In den vier Winkeln des Kellerraums standen je ein Marmorsockel mit einem Weihrauchkessel umringt von Kerzen. In der Mitte des Raums erhob sich ein Altar aus schwarzem Basalt. Neben dem Altar stand eine Gestalt, deren Augen so schwarz waren wie der Stein. Eben diese hatten ihn schon mehr als einmal dazu gebracht, sich unsicher und verloren zu fühlen.
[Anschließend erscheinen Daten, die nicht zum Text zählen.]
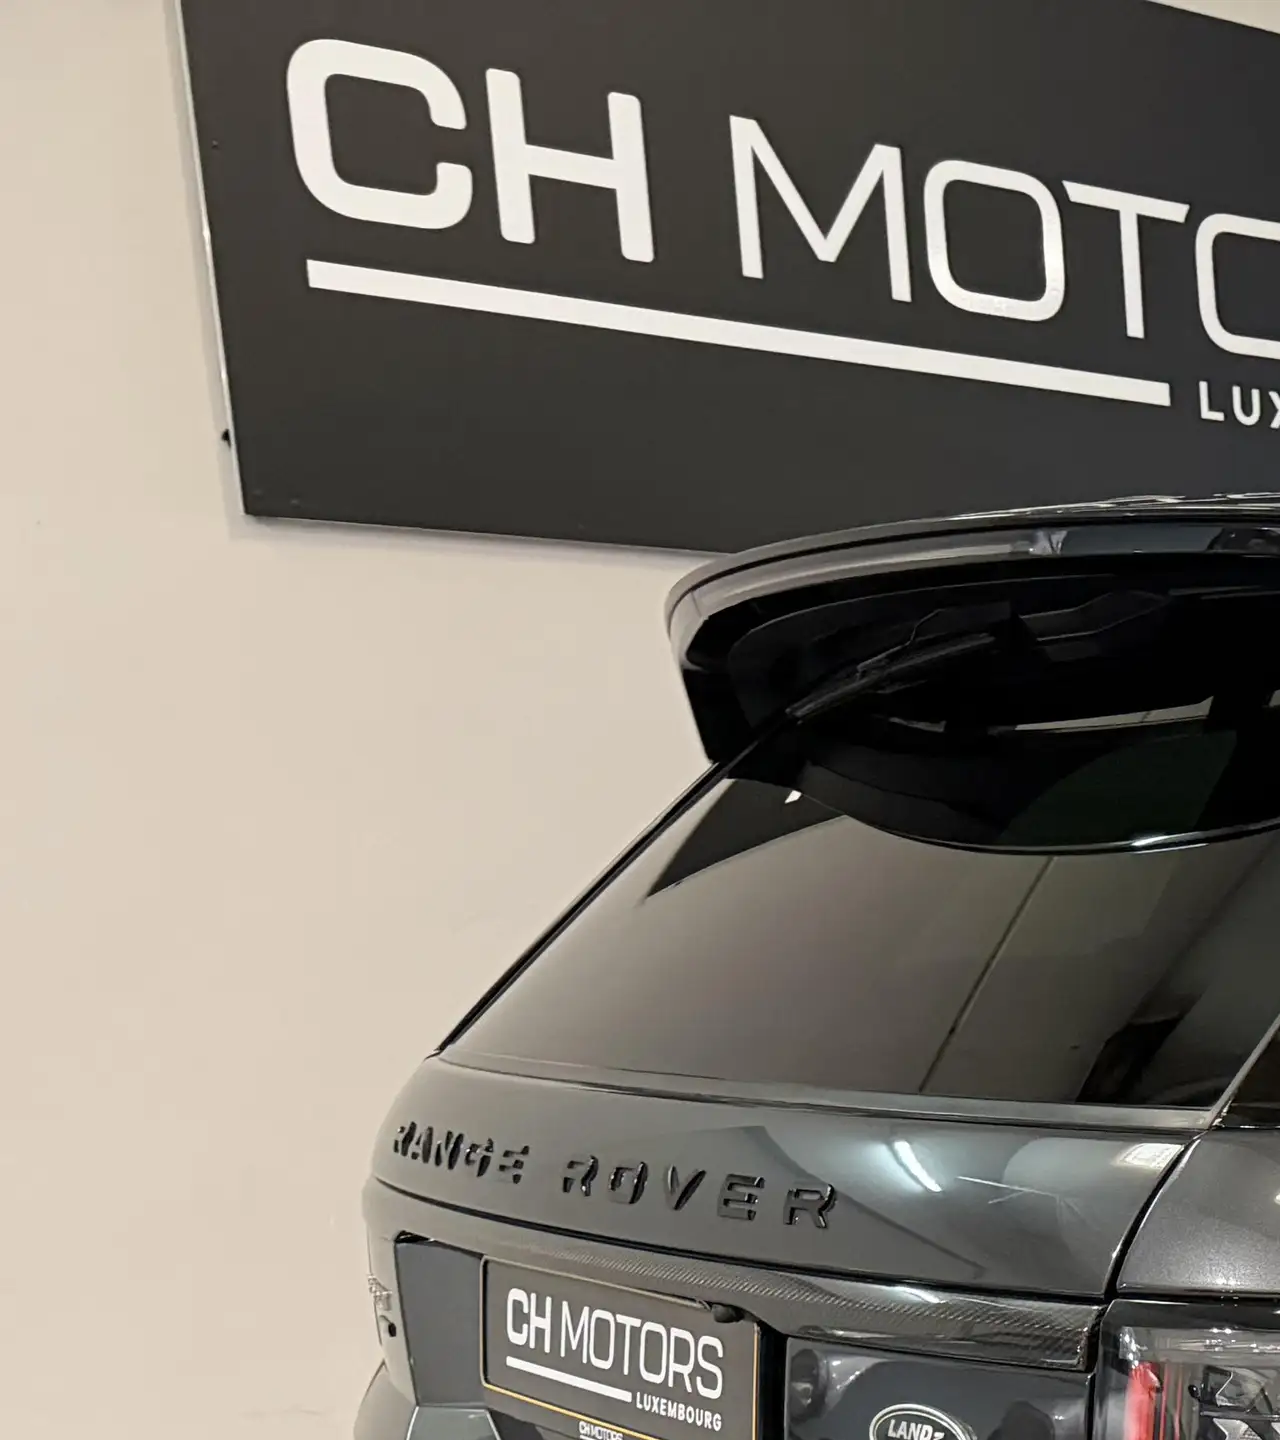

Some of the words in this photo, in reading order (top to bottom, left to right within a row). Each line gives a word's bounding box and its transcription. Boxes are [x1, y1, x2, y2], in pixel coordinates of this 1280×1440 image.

Die bedrohliche Kälte, die von dem Mann ausging, die Wirkung seines bohrenden Blicks, der Effekt seiner ausgemergelten Gestalt . Testaceus hatte eine ungefähre Vorstellung davon, was seinem kleinen Begleiter gerade durch den Kopf schoss. Flucht.
Er umschloss die Hand des Jungen fester, spürte das Zögern beim Anblick der dunklen Gestalt. Zitternd presste sich der zarte Körper an ihn, während ängstliche Augen fragend zu ihm aufblickten. "Du erinnerst dich doch, was ich dir über diesen Mann und sein Zuhause gesagt habe?"
Der Junge nickte zögernd, musterte die Gestalt mit bangem Blick. Als erwartete er, dass sie jeden Moment wie ein tollwütiges Raubtier über ihn herfallen würde. "Er sieht zwar böse aus, aber nur, weil er ein sehr einsamer Mensch ist", flüsterte er tapfer hinter vorgehaltener Hand. "Und sein Zuhause ."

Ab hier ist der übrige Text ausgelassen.